• YOUR GOAL
One exact copy of the listing, minus the images, is the required answer.

• DATASET CONTENT
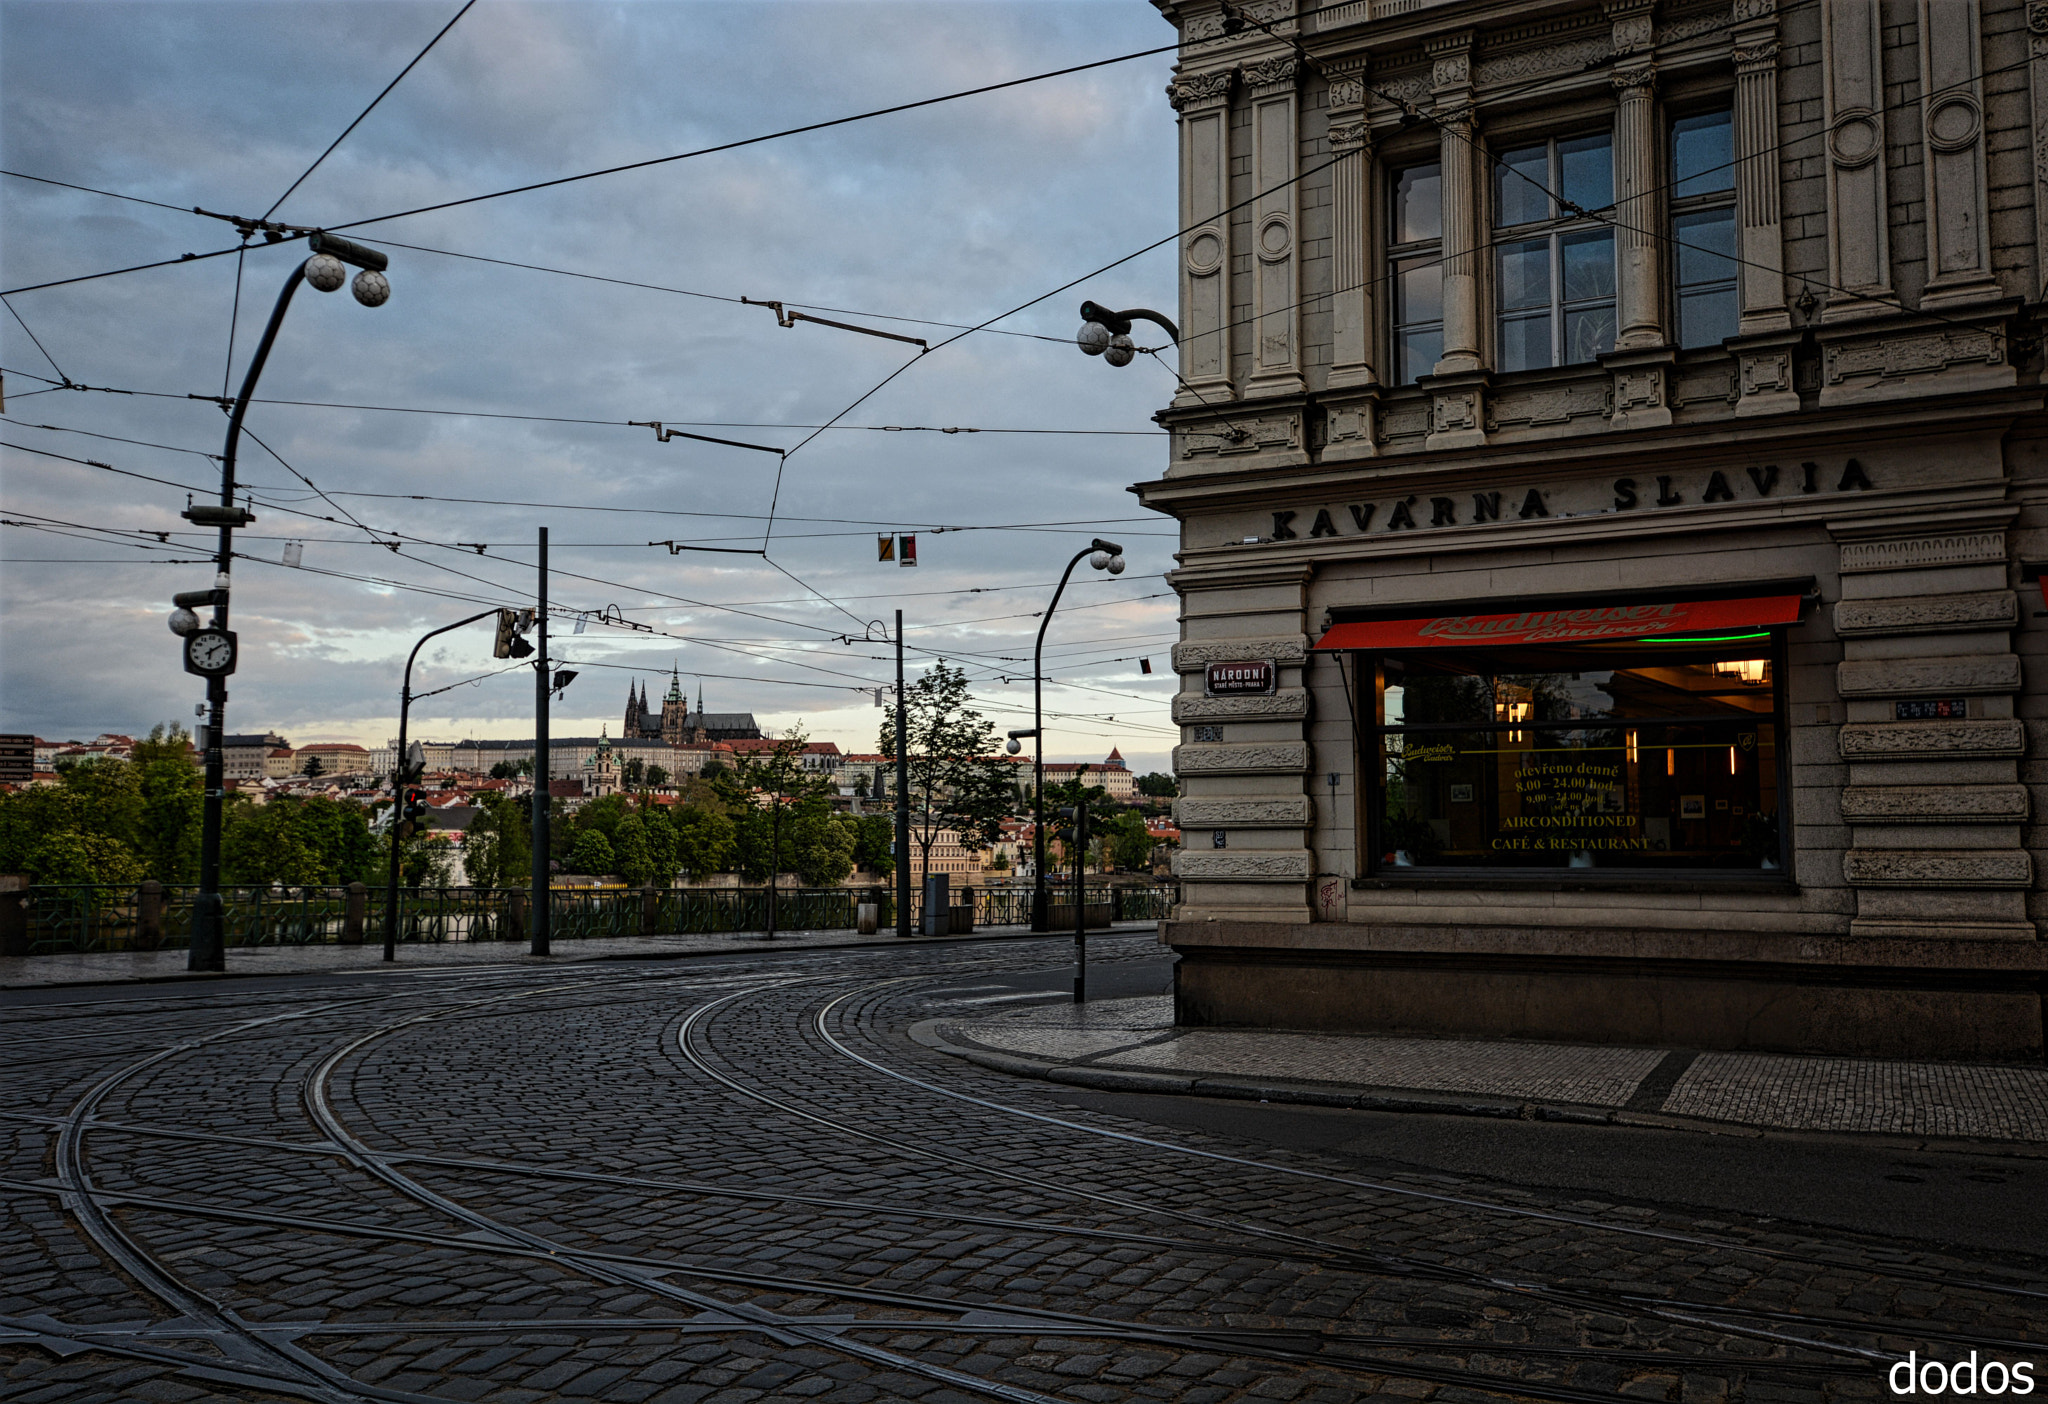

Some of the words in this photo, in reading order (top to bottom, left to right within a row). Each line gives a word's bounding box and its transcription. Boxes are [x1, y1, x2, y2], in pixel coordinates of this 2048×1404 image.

[1272, 488, 1549, 539] KAVÁRNA
[1614, 458, 1872, 508] SLAVIA
[1523, 621, 1677, 641] Budvar
[1213, 666, 1265, 681] NÁRODNÍ
[1514, 764, 1573, 778] otevřeno
[1576, 762, 1620, 777] denně
[1503, 815, 1637, 828] AIRCONDITIONED
[1491, 835, 1531, 850] CAFÉ
[1534, 838, 1545, 850] &
[1550, 837, 1651, 850] RESTAURANT

• SOLVED EXERCISE
Some of the words in this photo, in reading order (top to bottom, left to right within a row). Each line gives a word's bounding box and its transcription. Boxes are [x1, y1, x2, y2], in pixel coordinates of this 2048×1404 image.

[1272, 488, 1549, 539] KAVÁRNA
[1614, 458, 1872, 508] SLAVIA
[1523, 621, 1677, 641] Budvar
[1213, 666, 1265, 681] NÁRODNÍ
[1514, 764, 1573, 778] otevřeno
[1576, 762, 1620, 777] denně
[1503, 815, 1637, 828] AIRCONDITIONED
[1491, 835, 1531, 850] CAFÉ
[1534, 838, 1545, 850] &
[1550, 837, 1651, 850] RESTAURANT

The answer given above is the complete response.